Silvio Berlusconi, leader politico di Forza Italia, è intervenuto sull’edizione de “La Stampa” in edicola oggi, lunedì 9 agosto 2021, commentando la sua volontà di formare un partito unico di Centrodestra, accadimento che in molti, dall’esterno, giudicano impossibile, considerate le numerose divergenze interne alla coalizione. Tuttavia, l’ex presidente del Consiglio si è detto “decisamente ottimista” sulle colonne del quotidiano torinese, aggiungendo poi: “Nella mia vita ho realizzato molti progetti che tutti consideravano impossibili”.

Successivamente, Berlusconi ha asserito che “il Centrodestra, che io ho fondato, è scritto nel cuore degli italiani. Andremo uniti con un programma comune alle prossime elezioni, le vinceremo e governeremo bene per molti anni a venire”. Inoltre, relativamente alle defezioni avvenute all’interno di Forza Italia, l’ex premier ha dichiarato di avere discusso con Giorgia Meloni e Matteo Salvini sulla moratoria della “campagna acquisti” tra forze partitiche alleate: “Sono sicuro che episodi simili non si ripeteranno. Del resto, rispetto le decisioni di tutti, anche se non ho capito certe scelte”.
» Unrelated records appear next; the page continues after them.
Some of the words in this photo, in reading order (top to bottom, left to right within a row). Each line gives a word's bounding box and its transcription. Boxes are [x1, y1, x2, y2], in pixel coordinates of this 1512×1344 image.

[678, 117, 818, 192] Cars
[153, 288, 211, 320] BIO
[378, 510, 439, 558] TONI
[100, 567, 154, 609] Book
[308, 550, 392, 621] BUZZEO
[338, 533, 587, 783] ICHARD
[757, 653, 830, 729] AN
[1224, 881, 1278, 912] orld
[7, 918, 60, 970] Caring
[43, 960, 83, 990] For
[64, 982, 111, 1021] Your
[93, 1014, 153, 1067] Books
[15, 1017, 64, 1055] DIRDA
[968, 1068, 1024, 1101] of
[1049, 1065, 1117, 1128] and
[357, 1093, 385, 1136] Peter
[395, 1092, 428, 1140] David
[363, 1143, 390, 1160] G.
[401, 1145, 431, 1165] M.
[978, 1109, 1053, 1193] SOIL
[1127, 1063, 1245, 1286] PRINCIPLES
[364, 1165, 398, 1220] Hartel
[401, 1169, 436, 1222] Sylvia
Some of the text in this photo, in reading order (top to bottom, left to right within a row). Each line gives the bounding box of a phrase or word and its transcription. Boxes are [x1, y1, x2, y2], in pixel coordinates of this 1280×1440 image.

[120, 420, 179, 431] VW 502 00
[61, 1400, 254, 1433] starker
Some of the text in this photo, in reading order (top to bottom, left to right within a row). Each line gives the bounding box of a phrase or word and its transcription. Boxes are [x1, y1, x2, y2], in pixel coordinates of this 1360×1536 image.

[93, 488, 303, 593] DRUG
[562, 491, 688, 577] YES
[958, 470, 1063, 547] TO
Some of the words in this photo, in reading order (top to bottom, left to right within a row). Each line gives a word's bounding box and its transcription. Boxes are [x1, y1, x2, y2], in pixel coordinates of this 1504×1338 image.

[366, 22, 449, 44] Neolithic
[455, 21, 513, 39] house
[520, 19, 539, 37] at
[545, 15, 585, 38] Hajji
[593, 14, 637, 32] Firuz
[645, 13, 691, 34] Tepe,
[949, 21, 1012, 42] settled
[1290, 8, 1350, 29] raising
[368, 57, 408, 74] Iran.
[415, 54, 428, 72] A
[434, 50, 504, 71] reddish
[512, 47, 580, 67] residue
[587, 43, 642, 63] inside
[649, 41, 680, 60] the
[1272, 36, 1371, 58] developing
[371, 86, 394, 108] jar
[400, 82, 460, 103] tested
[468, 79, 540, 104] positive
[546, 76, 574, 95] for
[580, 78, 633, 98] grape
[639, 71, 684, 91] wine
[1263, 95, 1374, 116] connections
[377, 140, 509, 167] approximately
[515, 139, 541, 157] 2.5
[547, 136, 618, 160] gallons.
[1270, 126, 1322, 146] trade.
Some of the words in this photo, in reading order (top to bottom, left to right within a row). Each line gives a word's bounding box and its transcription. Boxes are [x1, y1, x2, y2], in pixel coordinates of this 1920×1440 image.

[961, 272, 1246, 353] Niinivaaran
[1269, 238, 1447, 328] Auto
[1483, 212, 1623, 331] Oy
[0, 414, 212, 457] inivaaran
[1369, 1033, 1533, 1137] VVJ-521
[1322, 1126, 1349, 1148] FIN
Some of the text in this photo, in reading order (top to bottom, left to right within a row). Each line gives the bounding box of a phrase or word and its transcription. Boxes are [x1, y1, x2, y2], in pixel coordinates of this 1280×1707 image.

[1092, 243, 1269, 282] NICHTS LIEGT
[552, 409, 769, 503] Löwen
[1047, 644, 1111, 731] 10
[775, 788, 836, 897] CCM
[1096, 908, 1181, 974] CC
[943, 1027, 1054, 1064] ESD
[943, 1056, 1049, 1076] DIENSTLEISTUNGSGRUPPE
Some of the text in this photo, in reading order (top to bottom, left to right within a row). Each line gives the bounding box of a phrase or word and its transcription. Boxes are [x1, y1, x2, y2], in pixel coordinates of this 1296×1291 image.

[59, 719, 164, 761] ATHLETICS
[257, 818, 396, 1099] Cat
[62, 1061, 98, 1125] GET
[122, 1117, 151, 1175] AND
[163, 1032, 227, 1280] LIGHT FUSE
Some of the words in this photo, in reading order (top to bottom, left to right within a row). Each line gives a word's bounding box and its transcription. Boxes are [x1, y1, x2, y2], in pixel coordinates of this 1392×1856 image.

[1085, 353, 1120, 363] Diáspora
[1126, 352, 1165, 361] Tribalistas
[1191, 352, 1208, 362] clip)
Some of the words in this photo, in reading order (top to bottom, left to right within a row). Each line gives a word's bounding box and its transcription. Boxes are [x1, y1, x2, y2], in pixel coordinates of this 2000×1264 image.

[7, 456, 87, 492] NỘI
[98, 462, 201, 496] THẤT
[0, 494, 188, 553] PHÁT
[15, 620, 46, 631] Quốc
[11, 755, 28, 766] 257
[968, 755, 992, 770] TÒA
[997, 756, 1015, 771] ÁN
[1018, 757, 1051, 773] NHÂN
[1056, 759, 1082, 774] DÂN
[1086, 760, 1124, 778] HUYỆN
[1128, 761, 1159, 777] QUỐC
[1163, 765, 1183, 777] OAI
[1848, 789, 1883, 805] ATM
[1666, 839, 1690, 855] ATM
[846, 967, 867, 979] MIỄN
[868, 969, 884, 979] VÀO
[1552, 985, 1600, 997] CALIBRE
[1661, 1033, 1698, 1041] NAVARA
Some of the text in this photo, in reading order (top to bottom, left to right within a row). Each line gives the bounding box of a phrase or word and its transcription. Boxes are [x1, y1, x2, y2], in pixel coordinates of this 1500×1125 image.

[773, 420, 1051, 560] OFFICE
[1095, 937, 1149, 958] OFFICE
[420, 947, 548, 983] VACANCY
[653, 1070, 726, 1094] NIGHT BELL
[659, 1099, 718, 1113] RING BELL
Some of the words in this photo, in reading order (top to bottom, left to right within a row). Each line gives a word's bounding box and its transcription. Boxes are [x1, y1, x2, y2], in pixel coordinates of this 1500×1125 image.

SILVIO BERLUSCONI: “FORZA ITALIA È ESSENZIALE, OGGI COME PER IL FUTURO”

Nel prosieguo del suo intervento su “La Stampa”, Silvio Berlusconi ha affermato che Forza Italia, a suo modo di vedere, rappresenta la sola forza politica davvero coerentemente liberale, cristiana, europeista, garantista: “Siamo gli unici a batterci contro l’oppressione fiscale, l’oppressione burocratica, l’oppressione giudiziaria. Forza Italia ha una funzione essenziale non solo oggi, ma soprattutto per il futuro, anche nel partito unico, quando nascerà”.

Immancabile, poi, un rapido passaggio sull’argomento più discusso in questo periodo e che, giocoforza, va a intaccare anche le dinamiche dell’universo politico: il Green Pass. Berlusconi, da imprenditore, approva l’introduzione della certificazione verde: “Non rispettare le leggi sarebbe una forma di concorrenza sleale verso i colleghi che operano secondo la legge. Voglio aggiungere, però, che i ristoratori vanno anche adeguatamente compensati e risarciti, più e meglio di quanto è stato fatto finora. Ho chiesto ai miei ministri di occuparsene. Più in generale sono per la persuasione e per il convincimento, senza dimenticare che i vaccini rappresentano lo strumento fondamentale ed essenziale nella lotta contro il virus”.